The explanation which philosophers have given of these strange phenomena is very satisfactory, and may be easily understood. When a wave is made on the surface of a still pool of water, by plunging a stone into it, the wave advances along the surface, while the water itself is never carried forward, but merely rises into a height and falls into a hollow, each portion of the surface experiencing an elevation and a depression in its turn. If we suppose two waves equal and similar to be produced by two separate stones, and if they reach the same spot at the same time, that is, if the two elevations should exactly coincide, they would unite their effects, and produce a wave twice the size of either; but if the one wave should be just so far before the other, that the hollow of the one coincided with the elevation of the other, and the elevation of the one with the hollow of the other, the two waves would obliterate or destroy one another, the elevation as it were of the one filling up half the hollow of the other, and the hollow of the one taking away half the elevation of the other, so as to reduce the surface to a level. These effects will be actually exhibited by throwing two equal stones into a pool of water, and it will be seen that there are certain lines of a hyperbolic form where the water is quite smooth, in consequence of the equal waves obliterating one another, while, in other adjacent parts, the water is raised to a height corresponding to both the waves united.

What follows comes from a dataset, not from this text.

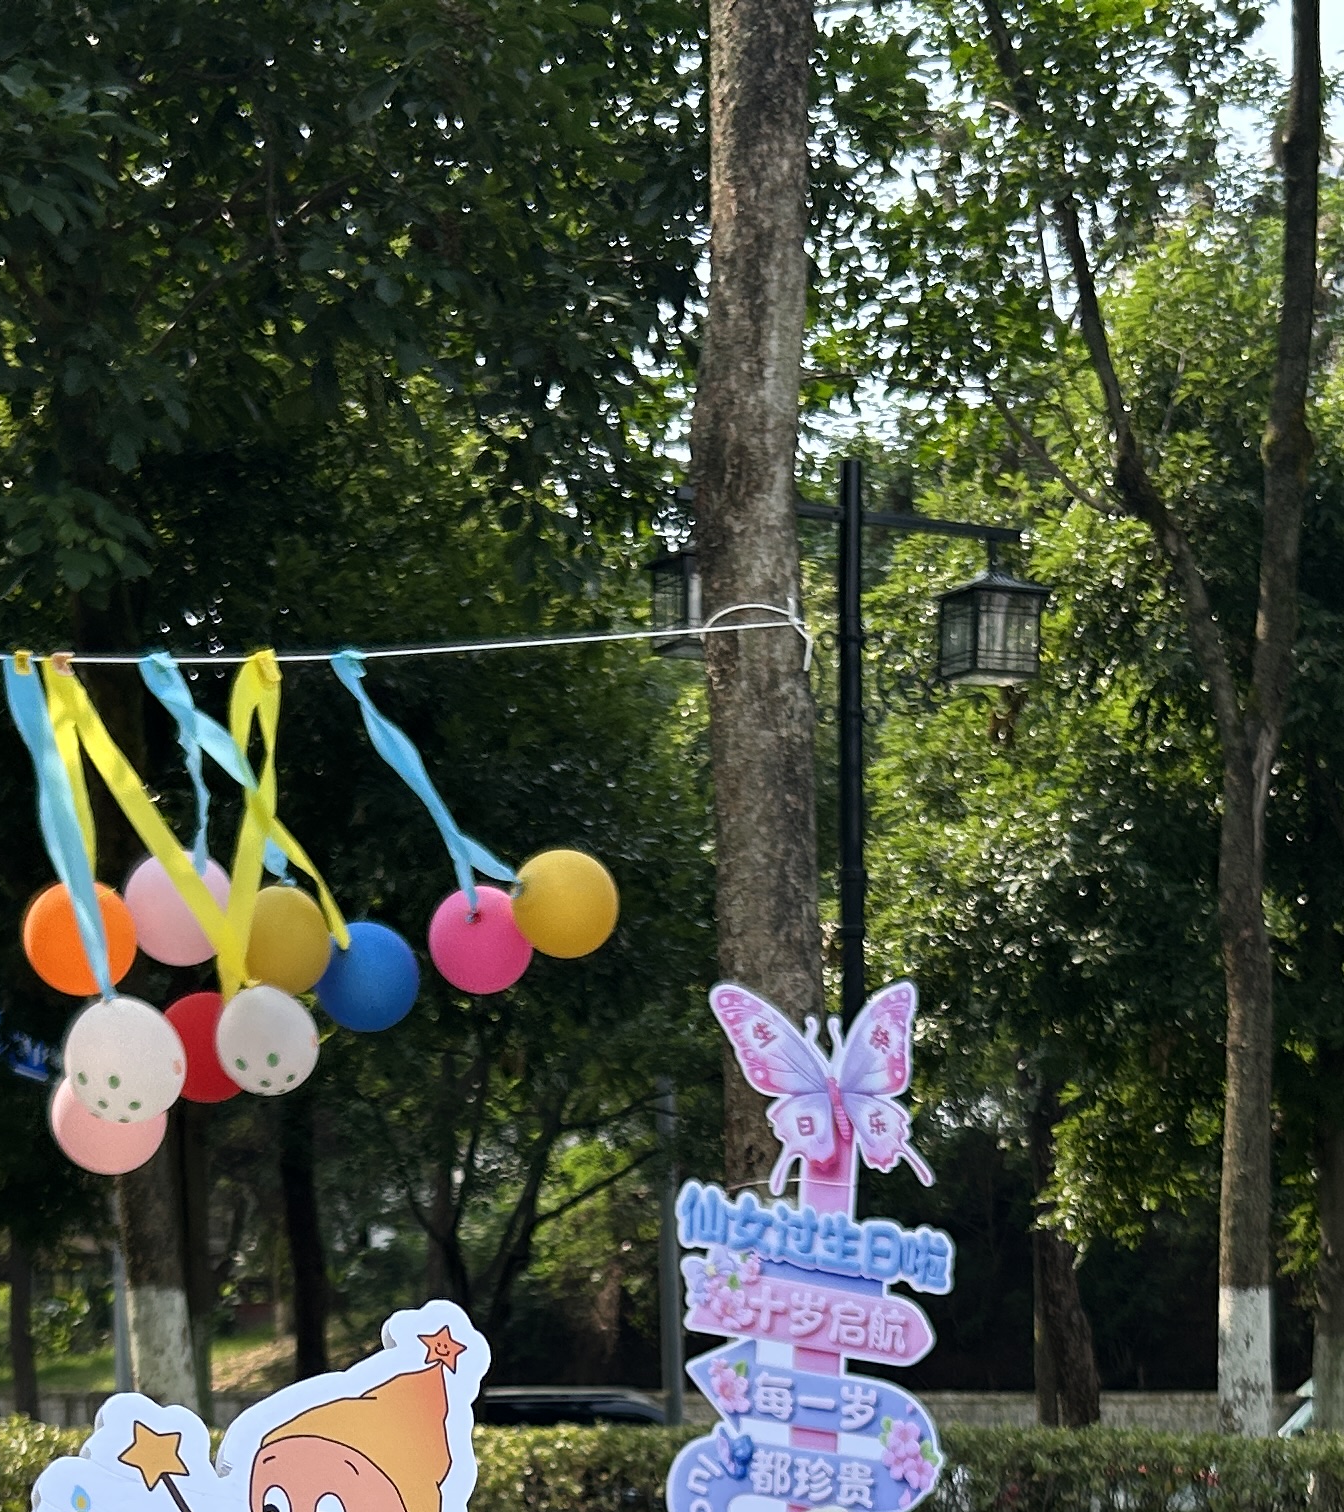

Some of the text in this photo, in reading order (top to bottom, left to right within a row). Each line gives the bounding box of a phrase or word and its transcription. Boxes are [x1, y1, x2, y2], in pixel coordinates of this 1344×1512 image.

[681, 1184, 949, 1289] 仙女过生日啦
[748, 1285, 907, 1354] 十岁启航
[755, 1371, 878, 1431] 每一岁
[751, 1450, 874, 1510] 都珍贵

In the tides of the ocean we have a fine example of the same principle. The two immense waves arising from the action of the sun and moon upon the ocean produce our spring-tides by their combination, or when the elevations of each coincide; and our neap-tides, when the elevation of the one wave coincides with the depression of the other. If the sun and moon had exerted exactly the same force upon the ocean, or produced tide waves of the same size, then our neap-tides would have disappeared altogether, and the spring-tide would have been a wave double of the wave produced by the sun and moon separately. An example of the effect of the equality of the two waves occurs in the port of Batsha, where the two waves arrive by channels of different lengths, and actually obliterate each other.

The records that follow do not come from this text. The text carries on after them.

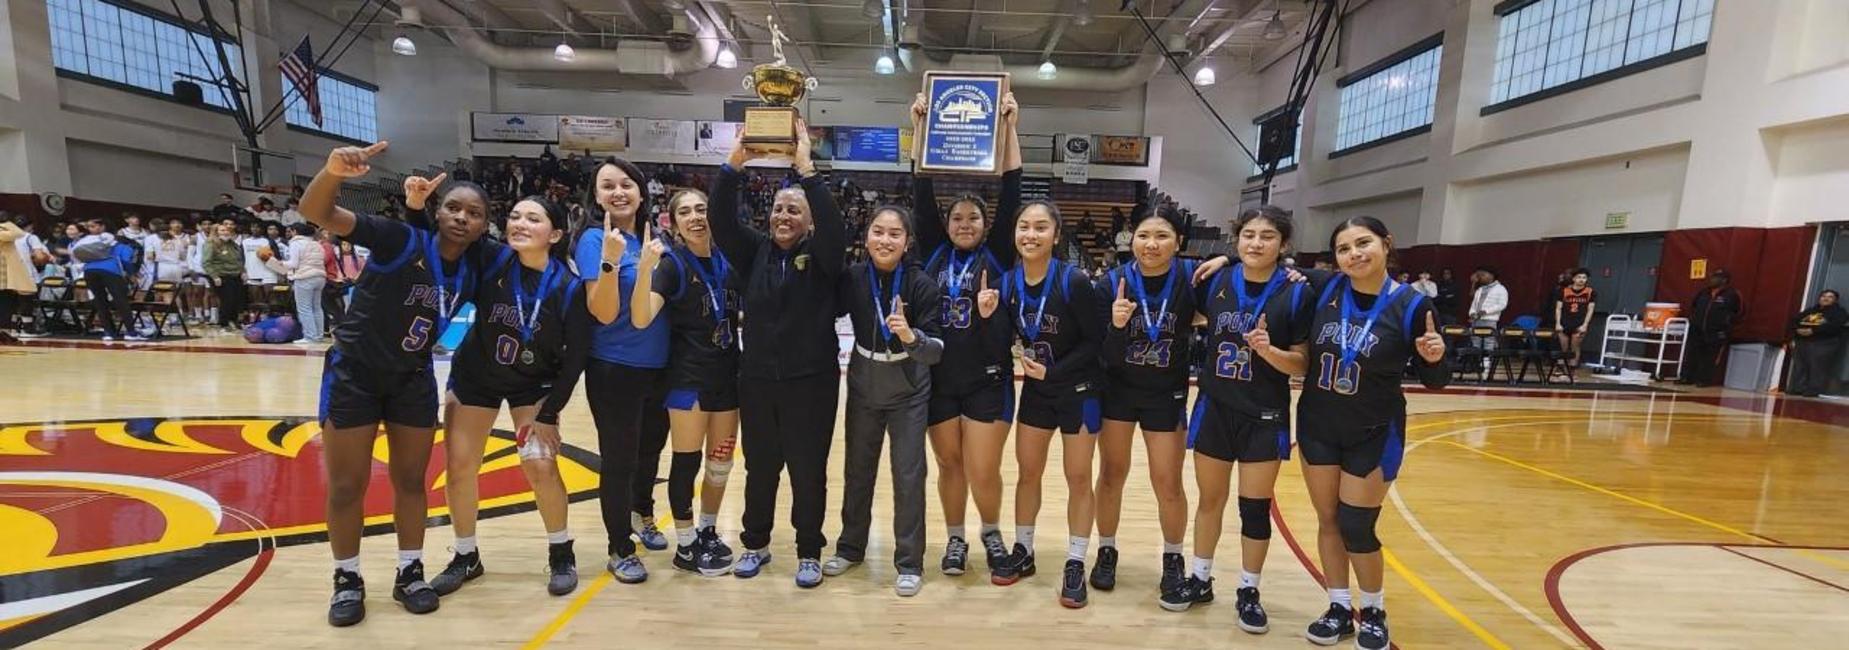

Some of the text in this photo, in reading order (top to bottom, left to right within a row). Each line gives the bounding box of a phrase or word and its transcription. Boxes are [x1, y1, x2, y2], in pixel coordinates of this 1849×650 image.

[401, 315, 434, 352] 5
[496, 333, 520, 365] 0
[1318, 351, 1361, 395] 10
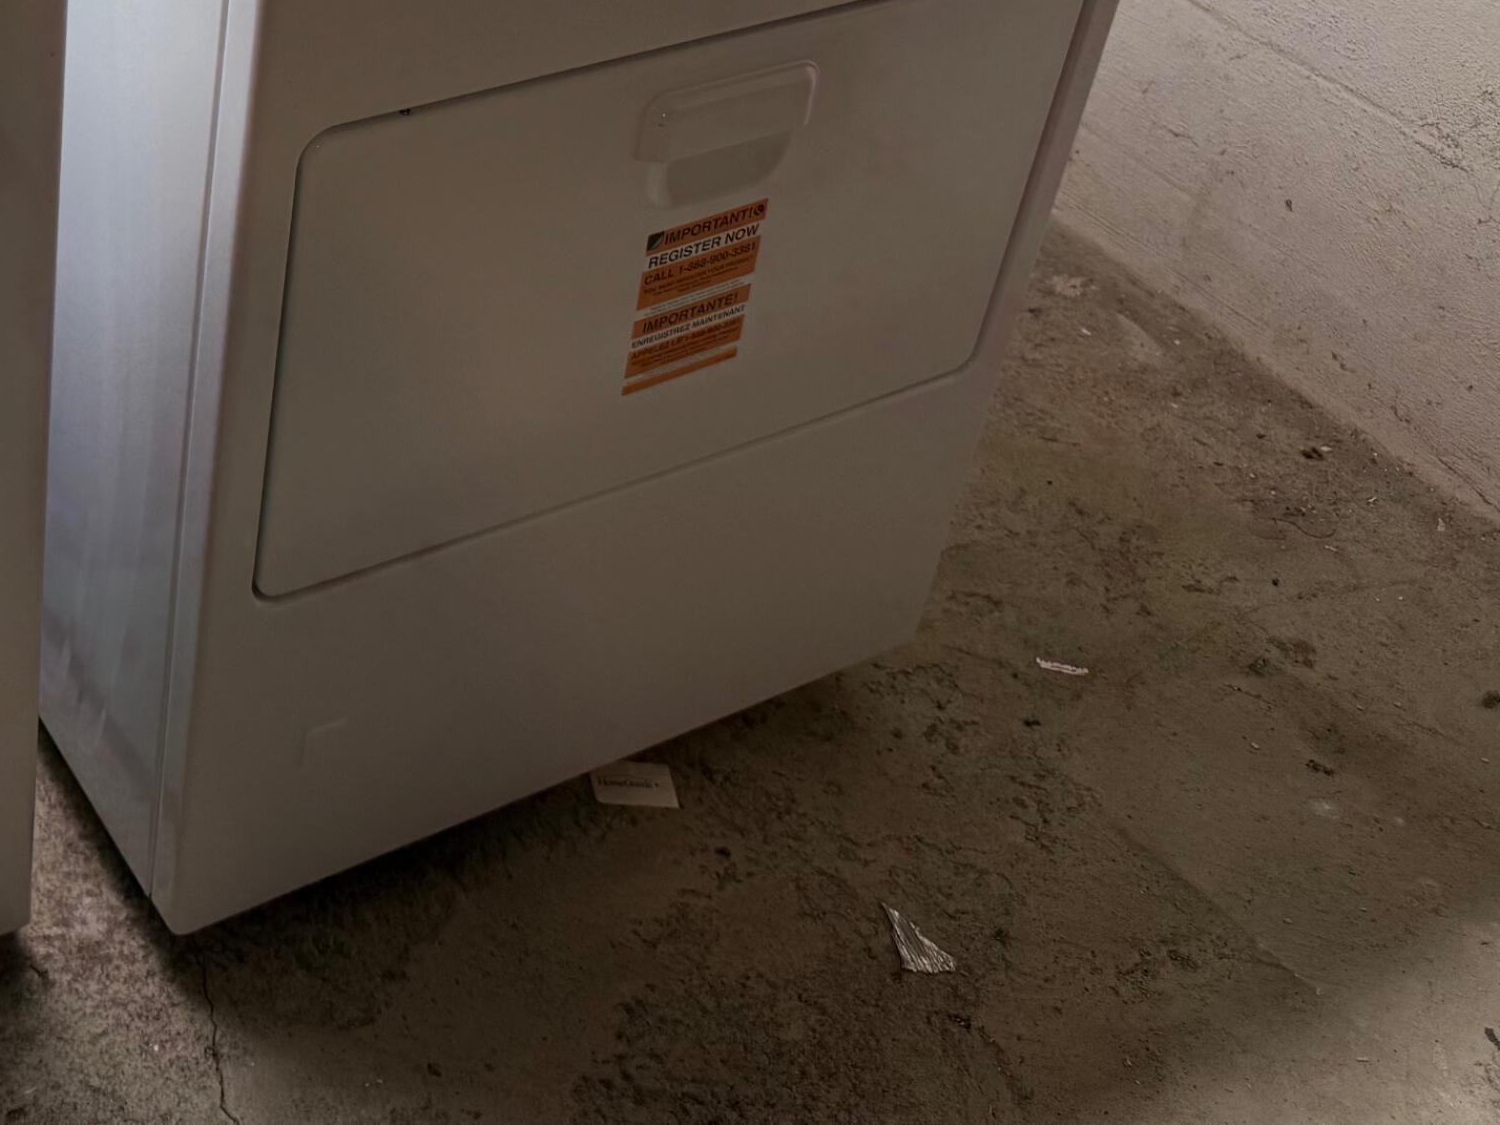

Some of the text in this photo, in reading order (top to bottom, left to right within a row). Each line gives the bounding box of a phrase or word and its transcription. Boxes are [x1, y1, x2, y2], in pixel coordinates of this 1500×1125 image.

[648, 223, 760, 269] REGISTER NOW
[643, 268, 674, 286] CALL
[631, 324, 690, 348] ENREGISTREZ
[691, 304, 746, 327] MAINTENANT
[643, 292, 739, 333] IMPORTANTE!

Now, as sound is produced by undulations or waves in the air, and as light is supposed to be produced by waves or undulations in an ethereal medium, filling all nature, and occupying the pores of transparent bodies, the successive production of sound and silence by two loud sounds, or of light and darkness by two bright lights, may be explained in the very same manner as we have explained the increase and the obliteration of waves formed on the surface of water. If this theory of light be correct, then the breadth of a wave of red light will be the 258th thousandth part of an inch, the breadth of a wave of green light the 207th thousandth part of an inch, and the breadth of a wave of violet light the 157th thousandth part of an inch.

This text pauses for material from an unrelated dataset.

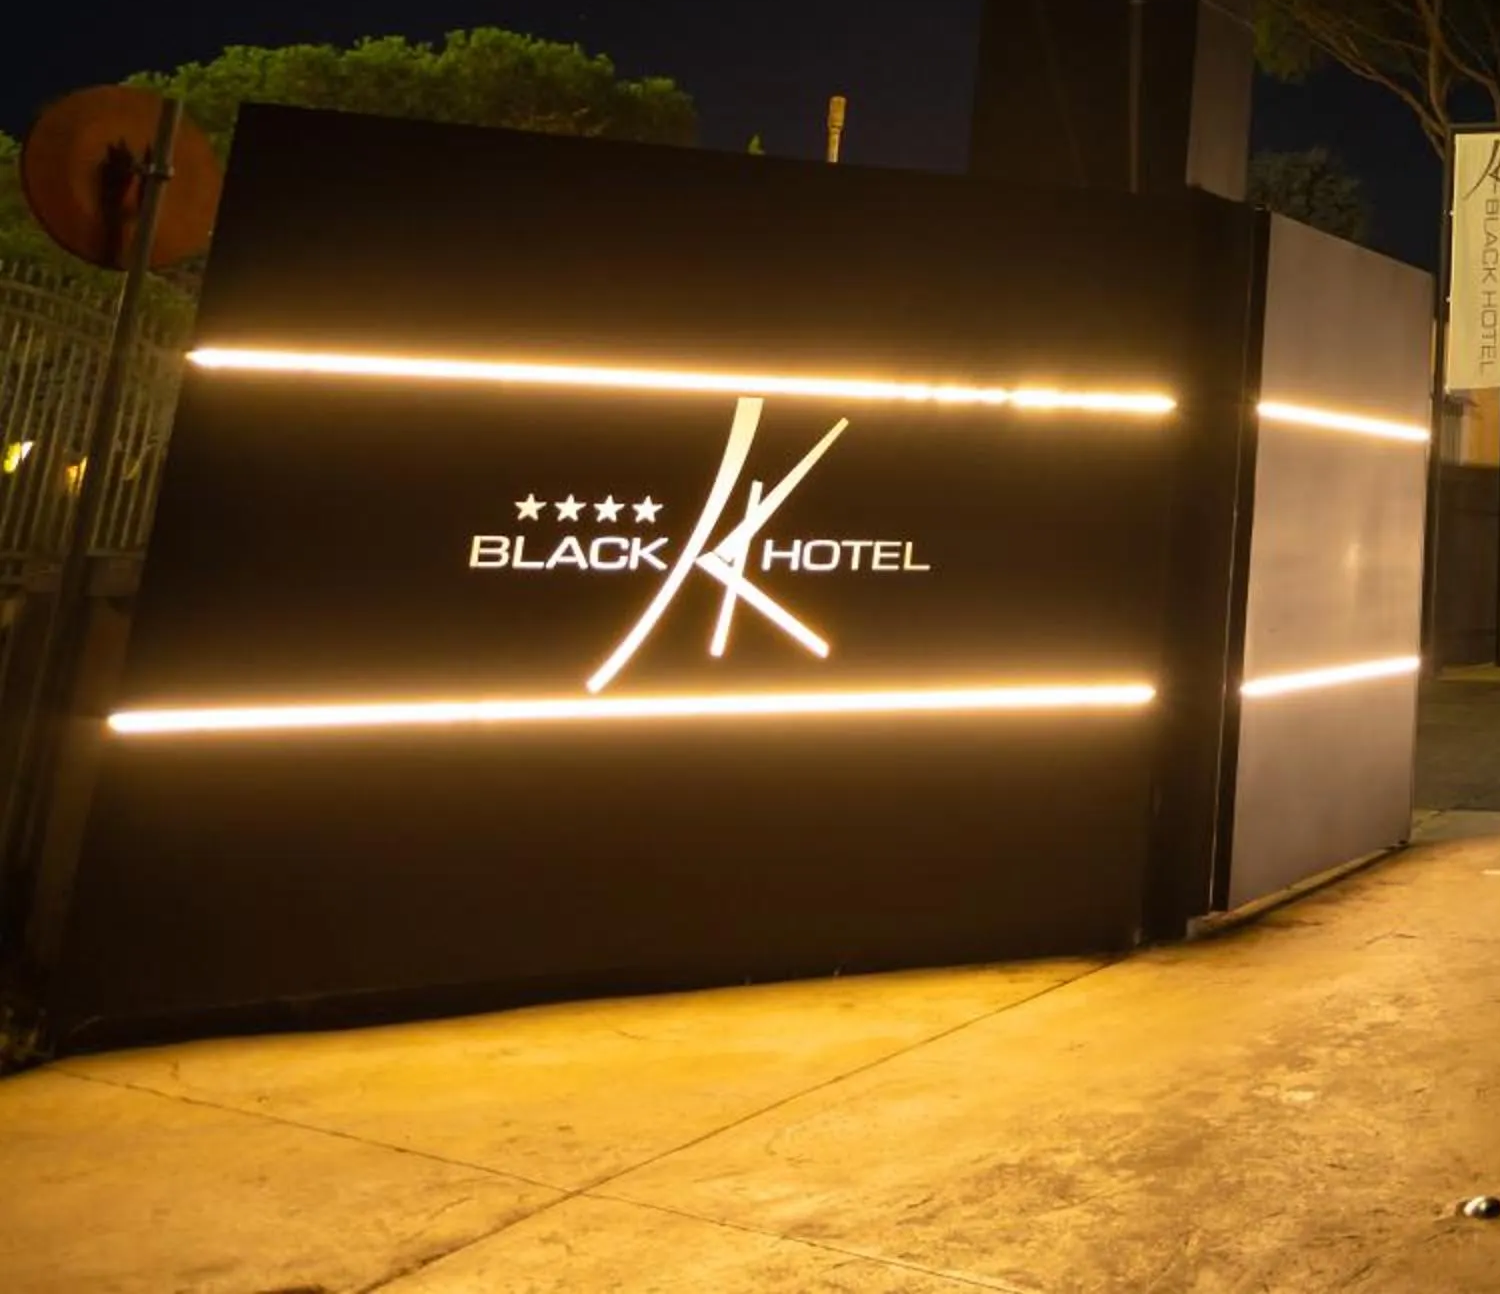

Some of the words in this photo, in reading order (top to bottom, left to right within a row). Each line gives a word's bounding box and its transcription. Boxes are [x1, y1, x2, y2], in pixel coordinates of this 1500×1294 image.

[1481, 199, 1500, 284] BLACK
[1479, 290, 1498, 376] HOTEL
[469, 535, 669, 572] BLACK
[761, 538, 931, 572] HOTEL

Among the wonders of modern skill, we must enumerate those beautiful automata by which the motions and actions of man and other animals have been successfully imitated. I shall therefore describe at present some of the most remarkable acoustic automata, in which the production of musical and vocal sounds has been the principal object of the artist.

Many very ingenious pieces of acoustic mechanism have been from time to time exhibited in Europe. The celebrated Swiss mechanist, M. le Droz, constructed for the King of Spain the figure of a sheep, which imitated in the most perfect manner the bleating of that animal; and likewise the figure of a dog watching a basket of fruit, which, when any of the fruit was taken away, never ceased barking till it was replaced.